Find Chemical Potential of Ideal Gas: Gibbs-Duhen Relation

[Dr. 104]

Homework Statement

Find the chemical potential for an ideal gas as a function of temperature and pressure. Use the "Gibbs-Duhen relation".

Homework Equations

\mu=\frac{\partial U}{\partial N}
dU=TdS-pdV+\sum\limits_{i}\mu_{i}dN_{i}
U=Q+W
Gibbs-Duhen relation: 0=SdT-Vdp+\sum\limits_{i}N_{i}d\mu_{i}
Ideal gas law: pV=Nk_{b}T

The Attempt at a Solution

Well first I just tried putting the second equation (above) into the first one, but that just resulted in \mu again, so that was a dead end.
I also tried plugging in everything I could from the ideal gas equation into the second equation (above) and the Gibbs-Duhen equation, because the problem asks for an ideal gas, hoping something would pop out after that, but I had no luck.

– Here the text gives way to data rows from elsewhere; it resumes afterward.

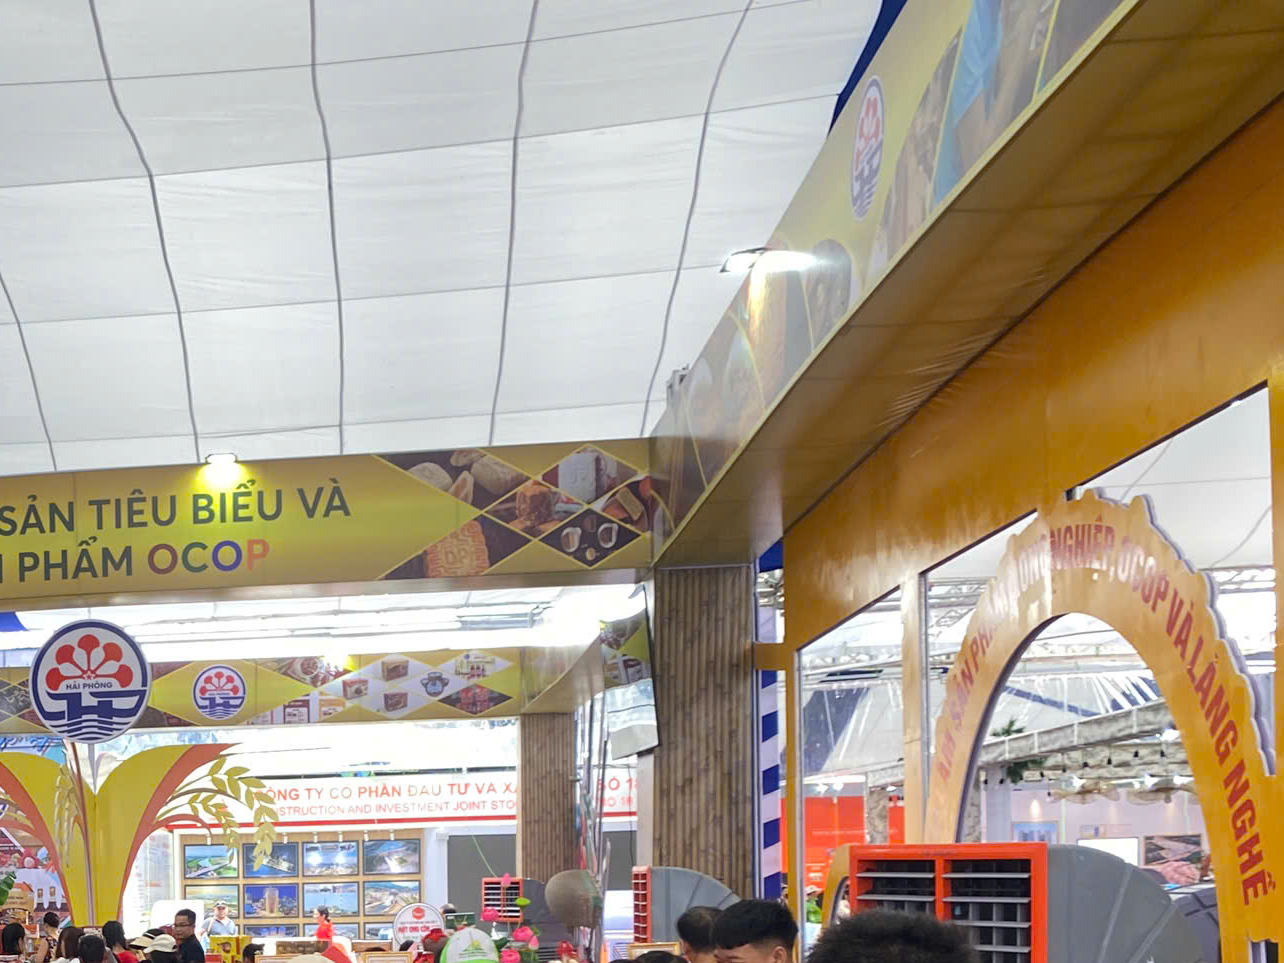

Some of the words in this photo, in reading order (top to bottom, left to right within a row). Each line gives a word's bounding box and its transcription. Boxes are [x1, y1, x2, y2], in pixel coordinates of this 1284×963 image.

[88, 489, 177, 530] TIÊU
[192, 479, 283, 524] BIỂU
[297, 478, 351, 519] VÀ
[19, 536, 132, 582] PHẨM
[148, 539, 270, 575] OCOP
[66, 680, 80, 690] HẢI
[82, 681, 113, 689] PHÒNG
[1117, 536, 1170, 613] OCOP
[1166, 588, 1196, 661] VÀ
[1186, 634, 1238, 766] LÀNG
[1223, 759, 1276, 906] NGHỀ
[305, 787, 324, 800] TY
[348, 805, 372, 814] AND
[376, 802, 451, 813] INVESTMENT
[453, 801, 486, 811] JOINT
[491, 800, 517, 810] STO
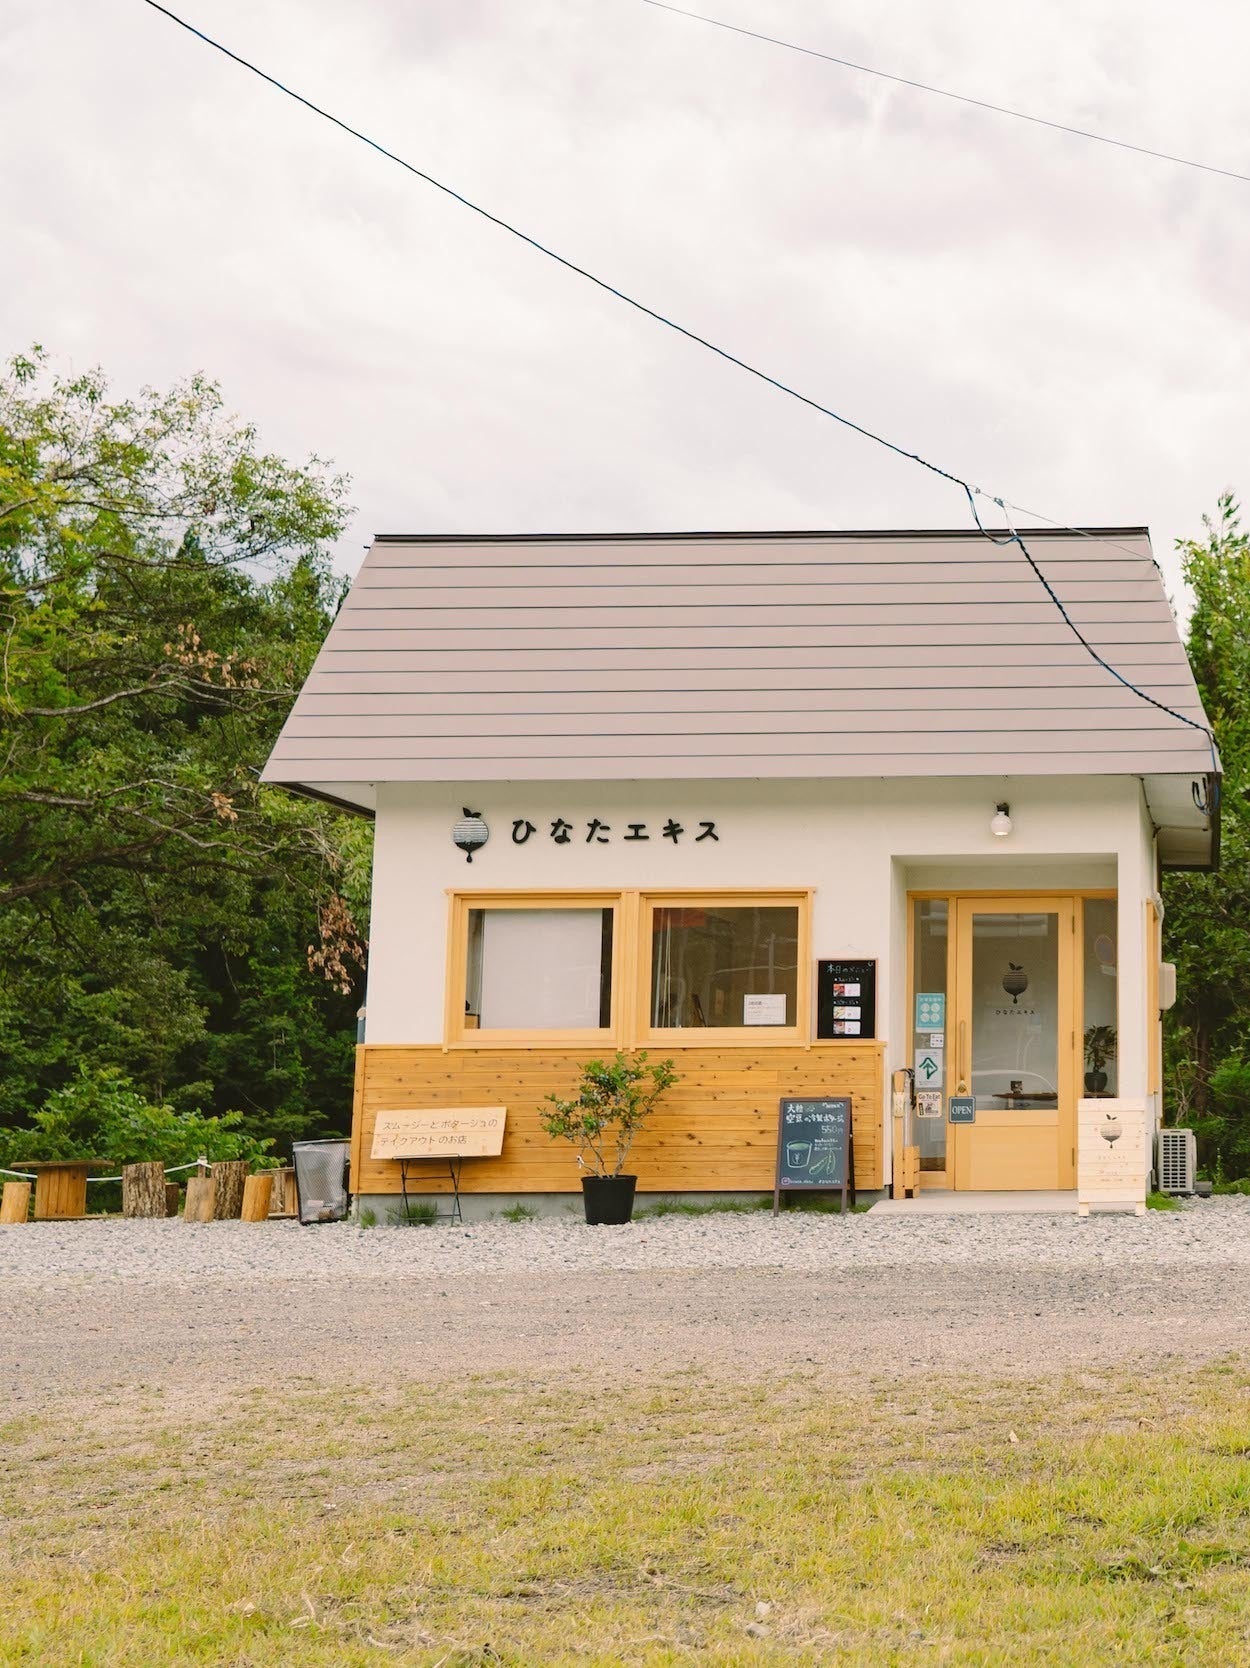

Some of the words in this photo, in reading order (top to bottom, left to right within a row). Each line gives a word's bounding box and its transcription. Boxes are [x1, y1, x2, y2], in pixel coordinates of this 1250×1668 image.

[511, 817, 720, 845] ひなたエキス
[951, 1105, 973, 1115] OPEN
[382, 1118, 498, 1131] スムージーとポタージュの

Thermodynamics has always been my weakest subject in physics.
I have several problems like this to do, so I'm not actually looking for a solution for this particular problem, I'm looking for general information on how to solve this type of problem that will help me on all of them.
I have no trouble like this with other areas of physics, but there's something about thermodynamics that my mind just doesn't get.. Maybe I just haven't learned it properly but I don't feel like there's any consistent set of fundamental equations, or underlying theory that I can cling to when I'm lost.

 

[member 553083]

Any advice or resources would be greatly appreciated. Thank you.A:The chemical potential of an ideal gas is given by the equation$$ \mu = \frac{\partial U}{\partial N} = \frac{RT}{N} $$where $U$ is the internal energy, $R$ is the gas constant, and $T$ is the temperature.This equation can be derived by combining the ideal gas law (which states that $pV = Nk_BT$, where $p$ is the pressure, $V$ is the volume, $k_B$ is Boltzmann's constant) and the Gibbs-Duhem relation (which states that $dU = TdS - pdV + \sum_i \mu_idN_i$).Using the ideal gas law, we can rearrange the equation to get $VdP = Nk_BdT$. Substituting this expression into the Gibbs-Duhem relation and solving for $\mu_i$ yields$$ \mu = \frac{RT}{N}. $$Hope this helps!